Who Will Survive the 'Sopranos' Finale?
Creator David Chase on why his show broke all the rules.
HOLLYWOOD, June 8, 2007 — -- By the time the credits rolled last Sunday on "The Sopranos," Christopher Moltisanti and Bobby Bacala were dead, Silvio Dante was in the hospital, riddled with holes, and New Jersey mob boss Tony Soprano went to bed hugging an automatic rifle.
Fans of the HBO show were left to anticipate just one more episode of one of the most innovative and acclaimed series in television history.
While viewers are guessing how it will end, the show's creator and director said he's known for a couple of years.
"I had this instinct of what it would be, and I just have held to that," David Chase said, while he was editing the final episode.
Of course, Chase isn't saying what that ending is.
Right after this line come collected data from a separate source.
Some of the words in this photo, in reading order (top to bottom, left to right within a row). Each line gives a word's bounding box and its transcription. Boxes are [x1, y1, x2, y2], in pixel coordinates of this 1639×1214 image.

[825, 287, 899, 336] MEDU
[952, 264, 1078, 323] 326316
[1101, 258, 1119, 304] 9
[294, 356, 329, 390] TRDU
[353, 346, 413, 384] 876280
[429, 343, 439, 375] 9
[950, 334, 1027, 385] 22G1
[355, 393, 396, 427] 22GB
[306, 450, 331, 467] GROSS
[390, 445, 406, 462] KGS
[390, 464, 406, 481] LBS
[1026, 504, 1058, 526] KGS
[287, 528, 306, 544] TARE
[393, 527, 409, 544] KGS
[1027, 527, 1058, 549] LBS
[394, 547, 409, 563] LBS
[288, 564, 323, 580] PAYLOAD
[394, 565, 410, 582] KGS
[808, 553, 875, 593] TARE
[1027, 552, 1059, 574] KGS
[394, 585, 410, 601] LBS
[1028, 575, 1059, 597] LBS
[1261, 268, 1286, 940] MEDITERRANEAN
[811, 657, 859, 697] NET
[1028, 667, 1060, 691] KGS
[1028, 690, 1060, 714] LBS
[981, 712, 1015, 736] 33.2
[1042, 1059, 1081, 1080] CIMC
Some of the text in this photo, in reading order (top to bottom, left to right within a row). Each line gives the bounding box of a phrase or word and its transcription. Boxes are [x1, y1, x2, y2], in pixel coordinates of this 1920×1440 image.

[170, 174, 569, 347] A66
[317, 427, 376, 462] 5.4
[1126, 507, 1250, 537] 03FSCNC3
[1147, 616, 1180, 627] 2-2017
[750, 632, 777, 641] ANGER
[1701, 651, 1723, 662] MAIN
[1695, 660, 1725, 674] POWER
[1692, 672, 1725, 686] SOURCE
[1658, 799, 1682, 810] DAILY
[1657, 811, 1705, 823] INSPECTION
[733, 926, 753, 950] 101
He wouldn't even describe his state of mind while plotting it.
The 61-year-old Chase was a successful writer for network television shows including "The Rockford Files" and "Northern Exposure." But he always felt confined by the conventions of television, the expectation that everything should be laid out for the audience so they don't have to think about what they're watching.
"The Sopranos" was his way of breaking the rules. "We thought it would be one season and out," he said.
Instead, it's been one of the breakout hits in the history of television, a franchise worth fortunes.
"The Sopranos" has been the tale of a suburban New Jersey mobster beset by depression, messy family relations, and even messier relations with his crime family. The hero, if you can call him that, takes Prozac, goes to therapy, kills, steals, cheats on his wife, and when things go wrong asks, "Why me?"
At times, it's been graphically violent and always salted with profanity, sex and nudity. But more than anything, "The Sopranos" has been about character, and how it directs peoples' lives.
"That's all it is. That's all it really is," Chase said. "The stories only come out of character. Well, the stories come out of character and they come out of the business of organized crime."
Chase describes Tony Soprano as "a big baby" who just wants his way.
"He wants what he wants," Chase said, "Whatever that may be, my bagel in the morning, to $100,000, to who gets to use the bathroom first."
Whatever Tony does follows from character, and the character of people around him.
Chase populated "The Sopranos" with needy, greedy, treacherous and psychopathic people. In six seasons of episodes spread over eight years, Chase has explored therapy, family relations, race, marriage, homosexuality, suicide, depression and the criminal mind.
"I've always thought of it as a comedy," he said … and he's not joking.
Chase finds humor in almost everything from a mob hit to a seduction. His characters are always complaining.
"Everybody on that show bitches and complains to the other person. And no one's got it as bad as each character; everyone is the victim," Chase said. "I just found that amusing."
He added, "A fair amount of it is a personal account of what I know about life. The mother Livia was kind of based on my mother. Some of the family dynamics are based on my family."
Chase has broken the rules by allowing the plots to develop slowly. Not everything is explained, not everything resolved.
In one episode called "Pine Barrens," a Russian mobster was wounded in the head escaping through a snowy forest and the audience never find out whether he lived, or came back to get revenge.
The series has also killed a collection of characters that would be the envy of any other show. It's been unsentimental about who gets whacked, from girlfriends to close members of the Soprano crew. They've probably killed more characters than the New Jersey mob has in its history.
People "want to see betrayal and retribution and all that," Chase said. "If people aren't getting killed, if the Soprano family is the only mob family where nobody gets killed, then we should go over to the network."
Known for its sharp writing, "The Sopranos" has also done more with silence than anything previously on television. The writers have not been afraid to just let the actors look at each other.
"I think words -- words sort of kill emotion," Chase said. "Words kill art."
At times, the series has strayed into dream sequences and the supernatural. Some seasons were better than others, but looking at it from end to end it is a surprisingly tightly woven work.